Travail : La fin des illusions

Macron a ouvert une boîte de Pandore avec sa réforme des retraites : les Français·e·s ne veulent pas travailler plus, plus longtemps. Tout du moins pas dans les conditions actuelles. Alors que le totem de la « valeur travail » est constamment rappelé par les conservateurs de tout poil, il paraît judicieux d’essayer de comprendre ce qui a suscité ce rejet.

Tout travail mérite salaire

Rares sont celles et ceux, qui aujourd’hui, estiment être bien payés : l’inflation frappe durement les portefeuilles de nos concitoyen·ne·s, et les augmentations de salaire ne suivent pas le rythme de l’inflation. Alors que les dividendes augmentent, que les profits des grandes entreprises sont florissants, la rémunération ne suit pas. Difficile de se motiver à aller bosser.

D’autant plus qu’aller travailler coûte de plus en plus cher : le litre de carburant frôle les 2 €, les opérateurs de transport en commun augmentent leurs tarifs pour faire face aux coûts d’exploitation. Tous ces éléments impactent le pouvoir d’achat des salarié·e·s, et, comme l’argent ne ruisselle pas, la motivation se perd en route.

Motivés, motivés …

Motivé·e·s pour quoi d’ailleurs ? Le management des entreprises est devenu de plus en plus brutal et de plus en plus déconnecté des réalités, adoptant un vocabulaire parfois incompréhensible. Le COVID a émoussé les plus coriaces, en les amenant à s’interroger sur l’utilité sociale de leur travail.

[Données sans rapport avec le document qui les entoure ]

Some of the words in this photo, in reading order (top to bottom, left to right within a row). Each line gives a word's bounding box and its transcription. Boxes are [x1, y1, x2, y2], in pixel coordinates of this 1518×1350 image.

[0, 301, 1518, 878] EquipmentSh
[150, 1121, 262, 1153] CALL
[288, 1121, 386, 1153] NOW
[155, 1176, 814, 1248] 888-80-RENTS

Enfin, pour les premier·e·s de corvée a qui en promettait reconnaissance éternelle au plus fort de la pandémie, on ne peut pas dire que leur sort a franchement évolué.

Beaucoup s’interrogent sur l’utilité même du travail, son rôle social. Le travail perd son rôle central dans la vie des gens : de plus en plus de nos concitoyen·ne·s aspirent à plus de temps libre, plus de possibilités de choisir leurs engagements, et plus d’utilité sociale. Les grandes entreprises, engluées dans leur système de management archaïque, n’ont pas encore pris la mesure des attentes de leurs salarié·e·s et les regardent partir, souvent sans réagir.

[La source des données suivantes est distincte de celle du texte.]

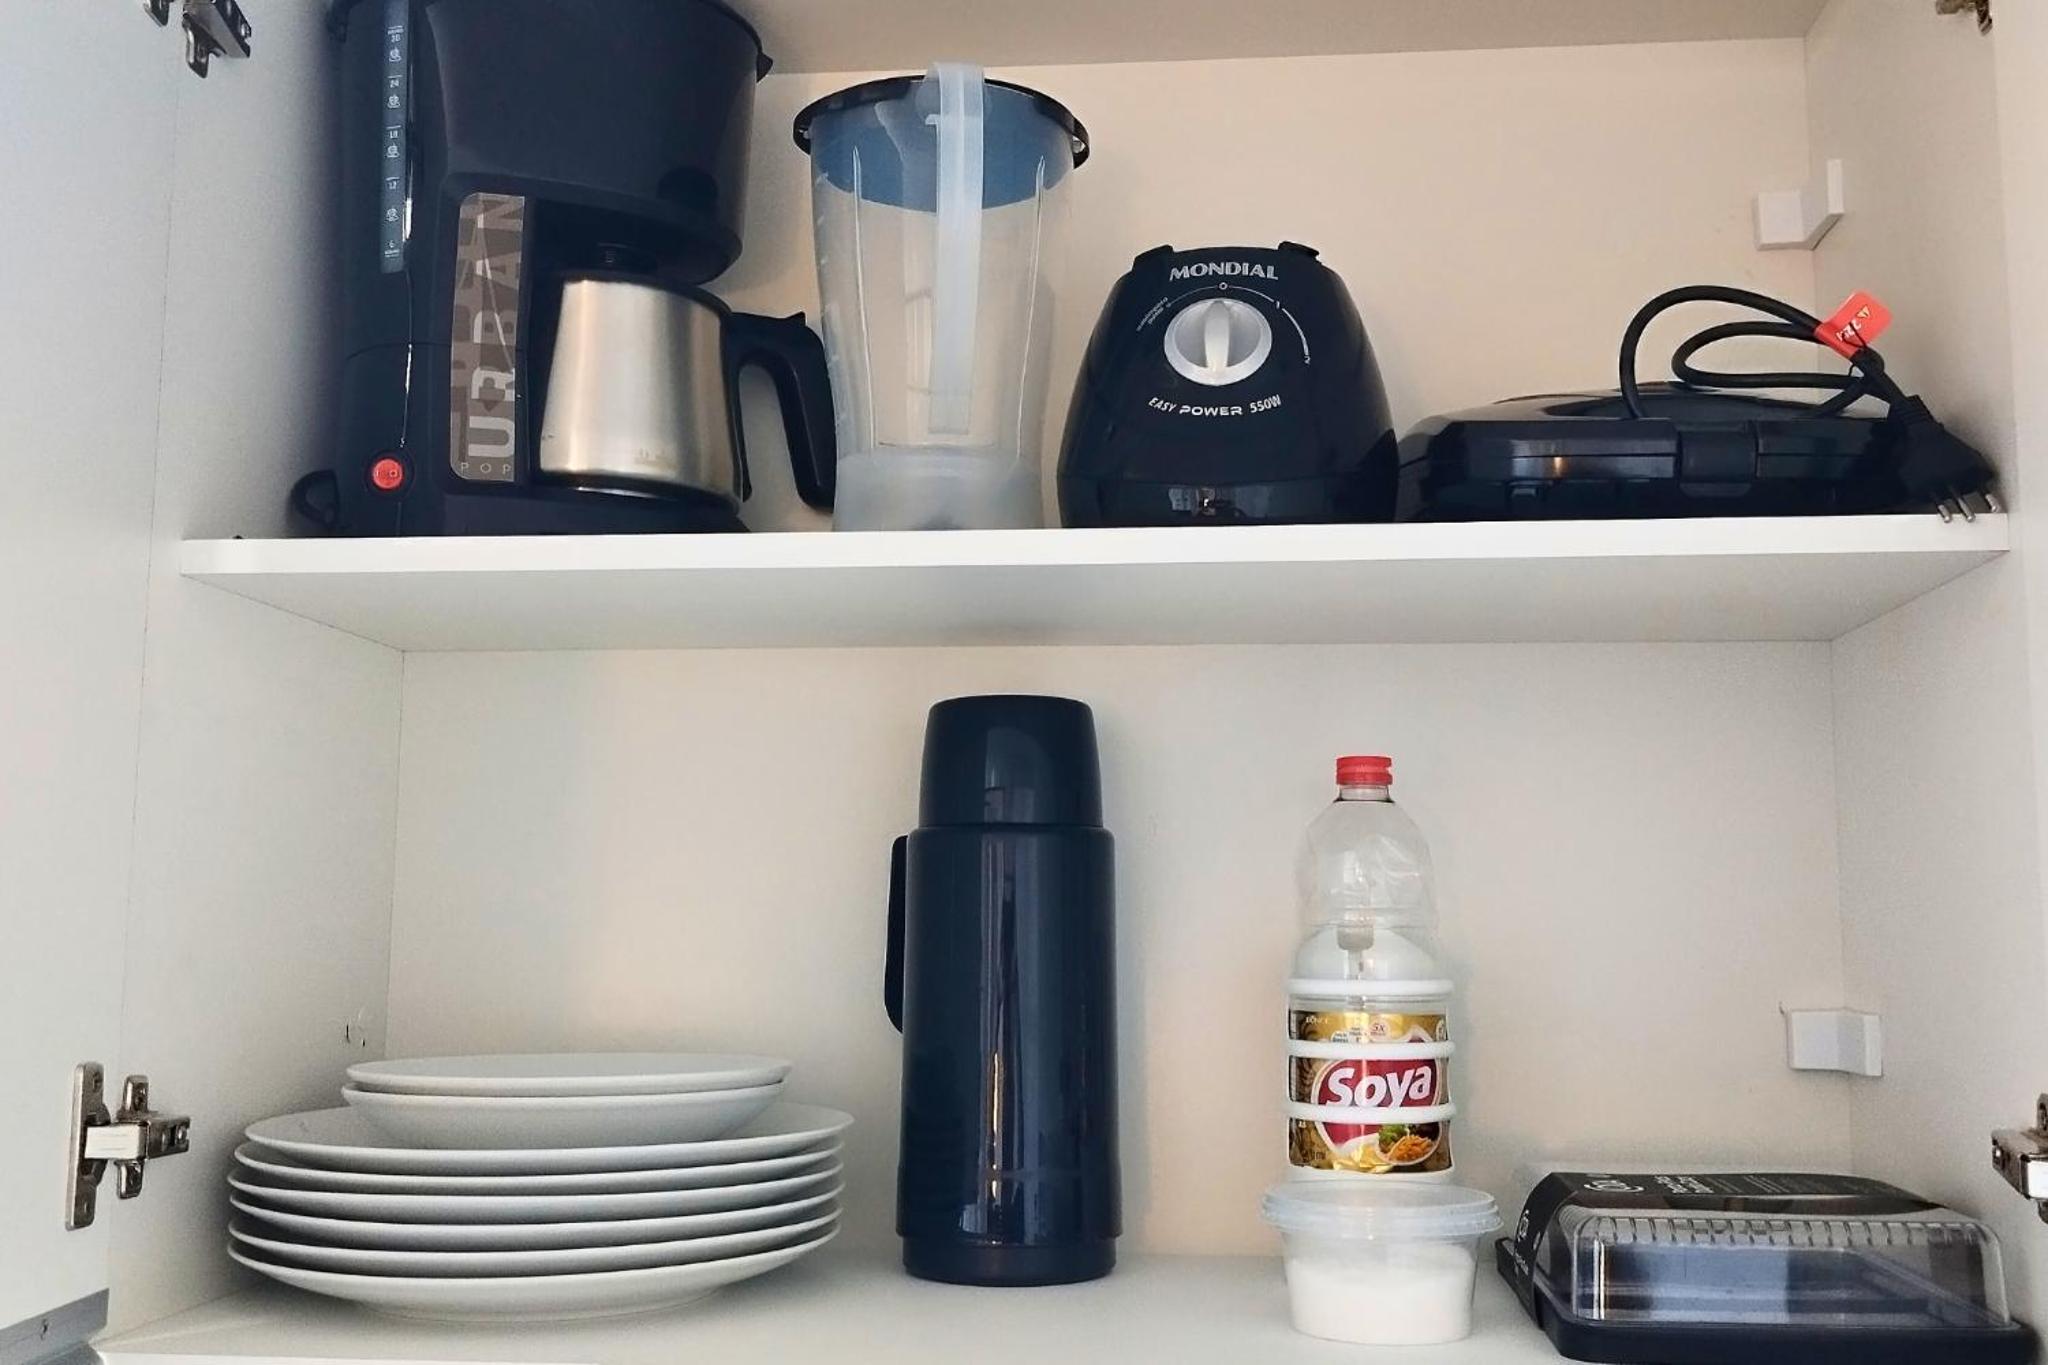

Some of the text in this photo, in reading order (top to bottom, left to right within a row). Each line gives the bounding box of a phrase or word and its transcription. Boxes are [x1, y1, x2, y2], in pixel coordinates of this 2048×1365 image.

[1169, 262, 1279, 281] MONDIAL
[468, 197, 524, 457] URBAN
[1148, 394, 1282, 417] EASY POWER 550W
[1326, 1066, 1432, 1108] Soya

Travailler plus pour gagner … pareil ?

Dans un tel contexte, le Gouvernement confirme encore… qu’il n’a rien compris. Héritier pour une partie de la droite sociale des années 80, et de l’autre d’une social-démocratie engluée dans ses modèles du XXème siècle, Macron et ses ministres s’imaginent qu’ils peuvent demander encore des efforts à des Français·e·s qui n’en peuvent plus… et qui attendent encore de voir les fruits des années d’austérité qui leur ont été imposées depuis 1983 (le fameux tournant de la rigueur mitterrandienne).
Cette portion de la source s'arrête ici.